Prior to ECMAScript 6, the concept of a “method” wasn’t formally defined. Methods were just object properties that contained functions instead of data. ECMAScript 6 formally defines a method as a function that has an internal [[HomeObject]] property containing the object to which the method belongs. Consider the following:

  1. let person = {
  2. // method
  3. getGreeting() {
  4. return "Hello";
  5. }
  6. };
  7. // not a method
  8. function shareGreeting() {
  9. return "Hi!";
  10. }

This example defines person with a single method called getGreeting(). The [[HomeObject]] for getGreeting() is person by virtue of assigning the function directly to an object. The shareGreeting() function, on the other hand, has no [[HomeObject]] specified because it wasn’t assigned to an object when it was created. In most cases, this difference isn’t important, but it becomes very important when using super references.

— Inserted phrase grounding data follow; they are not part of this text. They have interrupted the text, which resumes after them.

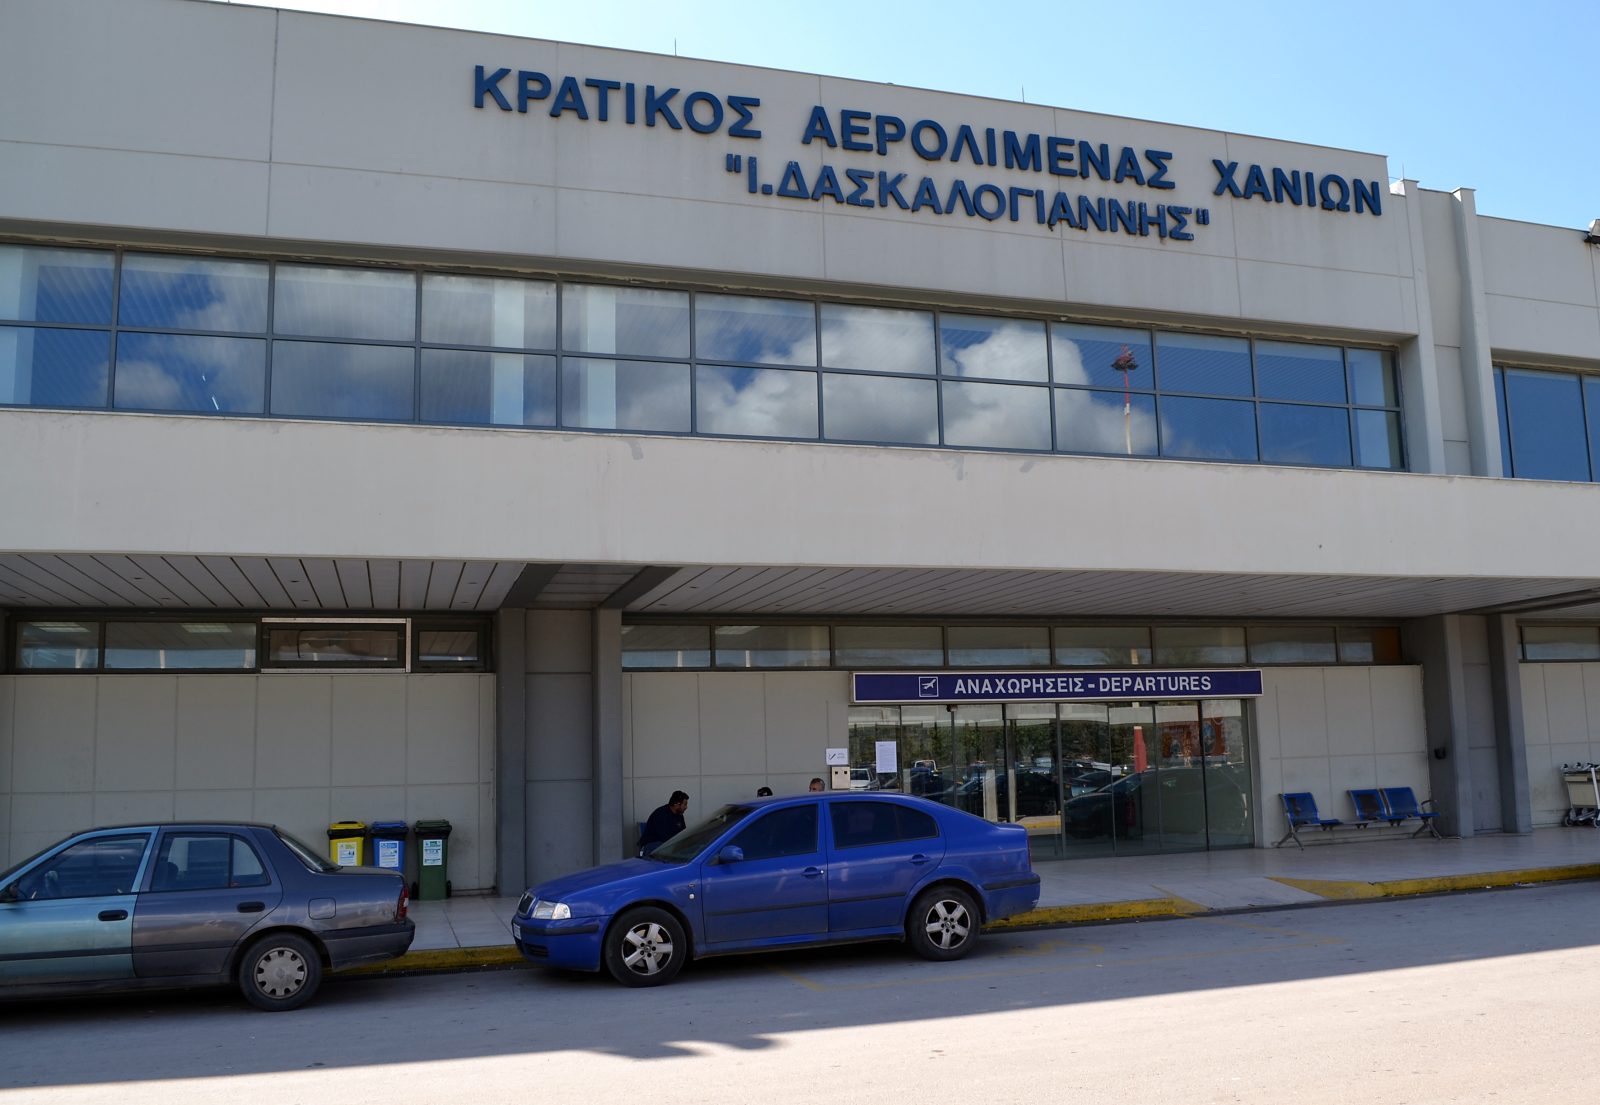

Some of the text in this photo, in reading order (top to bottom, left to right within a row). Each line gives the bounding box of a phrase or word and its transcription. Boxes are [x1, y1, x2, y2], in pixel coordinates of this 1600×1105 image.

[474, 65, 1382, 216] ΚΡΑΤΙΚΟΣ ΑΕΡΟΛΙΜΕΝΑΣ ΧΑΝΙΩΝ
[954, 677, 1085, 694] ΑΝΑΧΩΡΗΣΕΙΣ
[1099, 675, 1212, 692] DEPARTURES
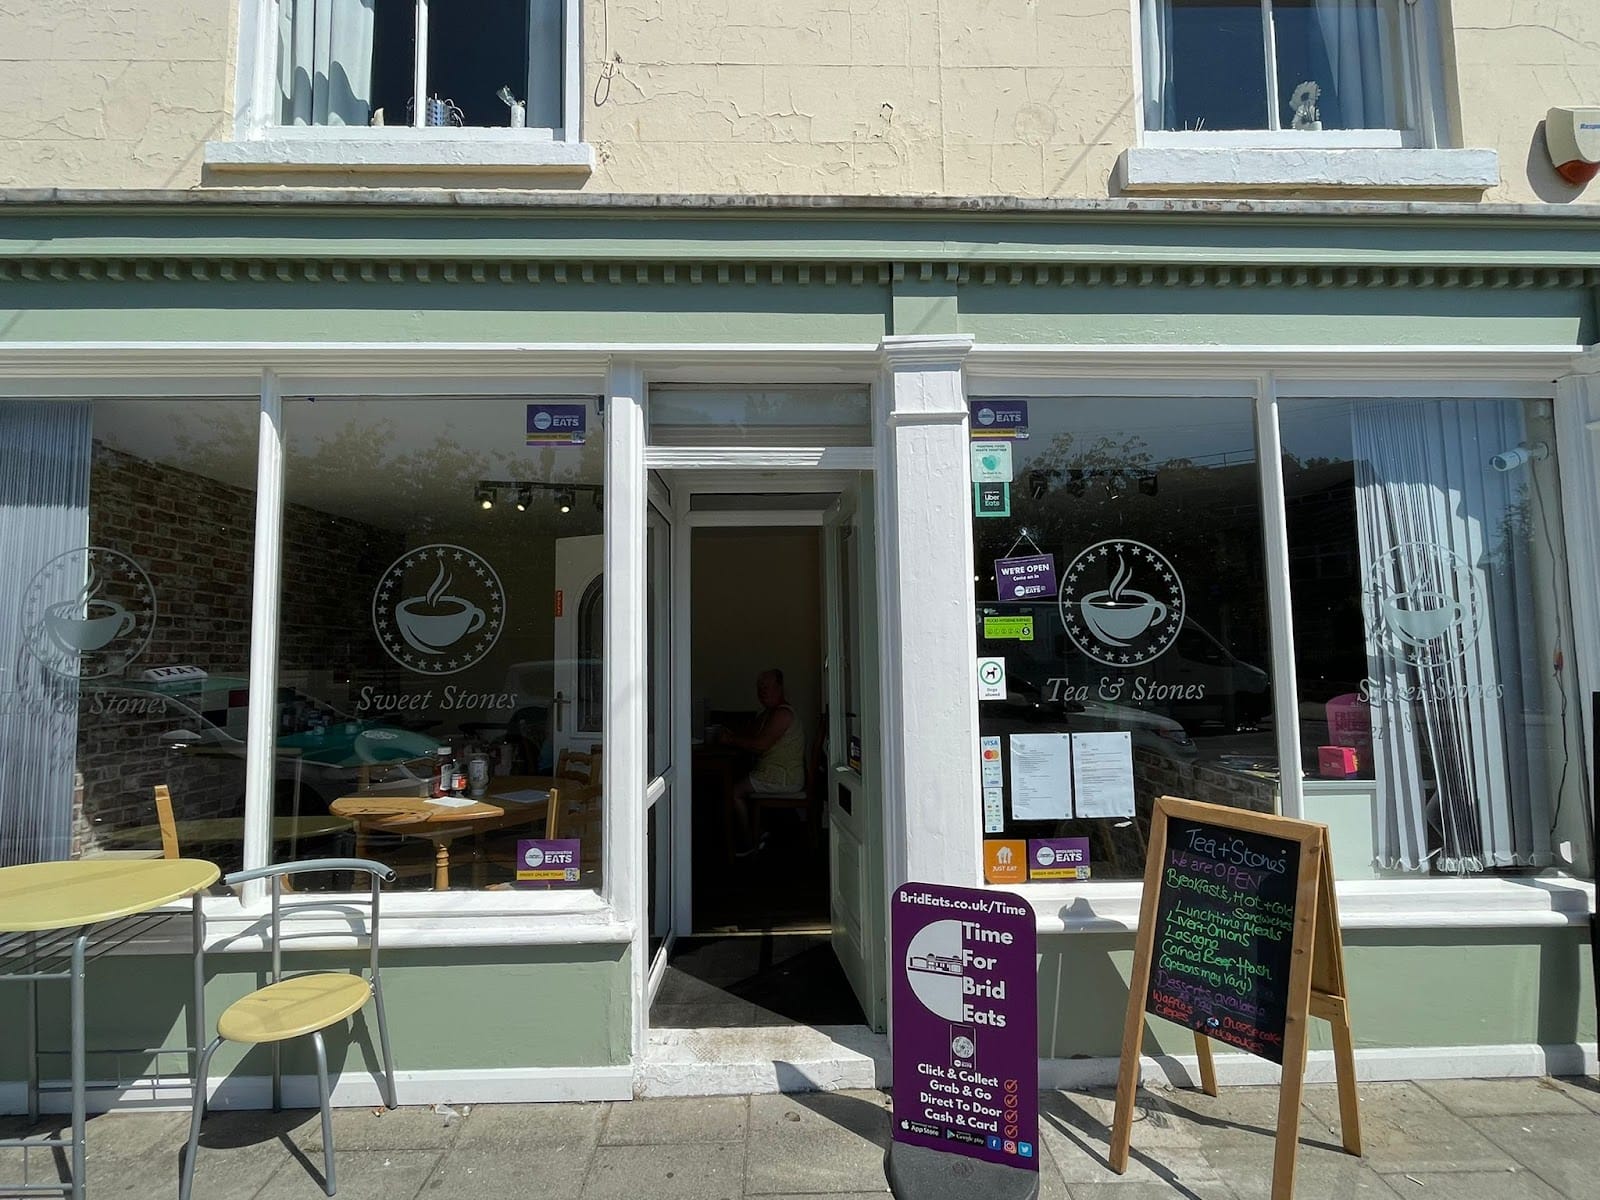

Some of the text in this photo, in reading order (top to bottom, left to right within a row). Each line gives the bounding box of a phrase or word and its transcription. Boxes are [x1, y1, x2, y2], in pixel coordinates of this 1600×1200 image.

[552, 418, 579, 427] EATS
[996, 414, 1021, 422] EATS
[1001, 563, 1050, 576] WE'RE OPEN
[356, 684, 518, 711] Sweet Stones
[1046, 676, 1205, 702] Tea & Stones
[88, 692, 168, 715] Stones
[544, 855, 573, 864] EATS
[1055, 853, 1083, 862] EATS
[1171, 849, 1262, 890] We are OPEN
[900, 891, 1027, 916] BridEats.co.uk/Time
[1175, 899, 1283, 941] Lunchtime Meals
[962, 921, 1013, 945] Time
[962, 949, 997, 970] For
[962, 976, 1006, 1000] Brid
[962, 1004, 1007, 1028] Eats
[917, 1063, 945, 1078] Click
[947, 1068, 957, 1080] &
[958, 1071, 999, 1088] Collect
[929, 1079, 992, 1101] Grab & Go
[920, 1092, 1002, 1118] Direct To Door
[924, 1108, 953, 1124] Cash
[955, 1117, 966, 1126] &
[967, 1116, 998, 1133] Card
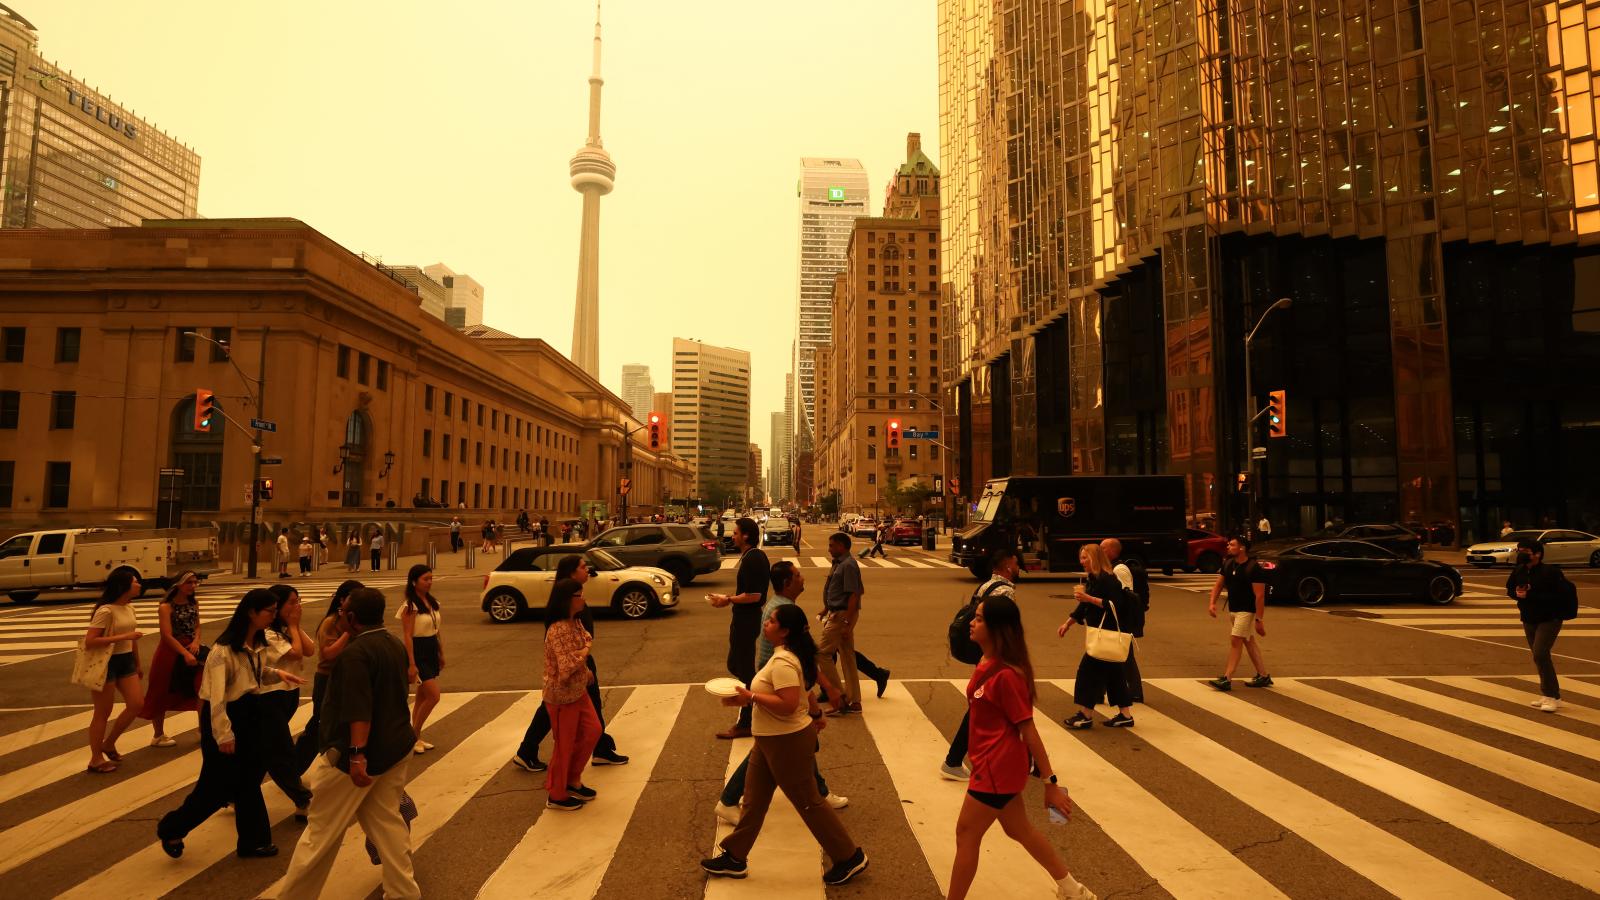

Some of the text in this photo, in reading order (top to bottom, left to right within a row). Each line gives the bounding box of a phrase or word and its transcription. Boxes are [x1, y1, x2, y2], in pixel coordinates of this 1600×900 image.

[67, 87, 137, 140] TELUS
[831, 189, 843, 198] TD
[912, 431, 924, 439] Bay

Any reference to super uses the [[HomeObject]] to determine what to do. The first step is to call Object.getPrototypeOf() on the [[HomeObject]] to retrieve a reference to the prototype. Then, the prototype is searched for a function with the same name. Last, the this binding is set and the method is called. Here’s an example:

  1. let person = {
  2. getGreeting() {
  3. return "Hello";
  4. }
  5. };
  6. // prototype is person
  7. let friend = {
  8. getGreeting() {
  9. return super.getGreeting() + ", hi!";
  10. }
  11. };
  12. Object.setPrototypeOf(friend, person);
  13. console.log(friend.getGreeting()); // "Hello, hi!"

Calling friend.getGreeting() returns a string, which combines the value from person.getGreeting() with ", hi!". The [[HomeObject]] of friend.getGreeting() is friend, and the prototype of friend is person, so super.getGreeting() is equivalent to person.getGreeting.call(this).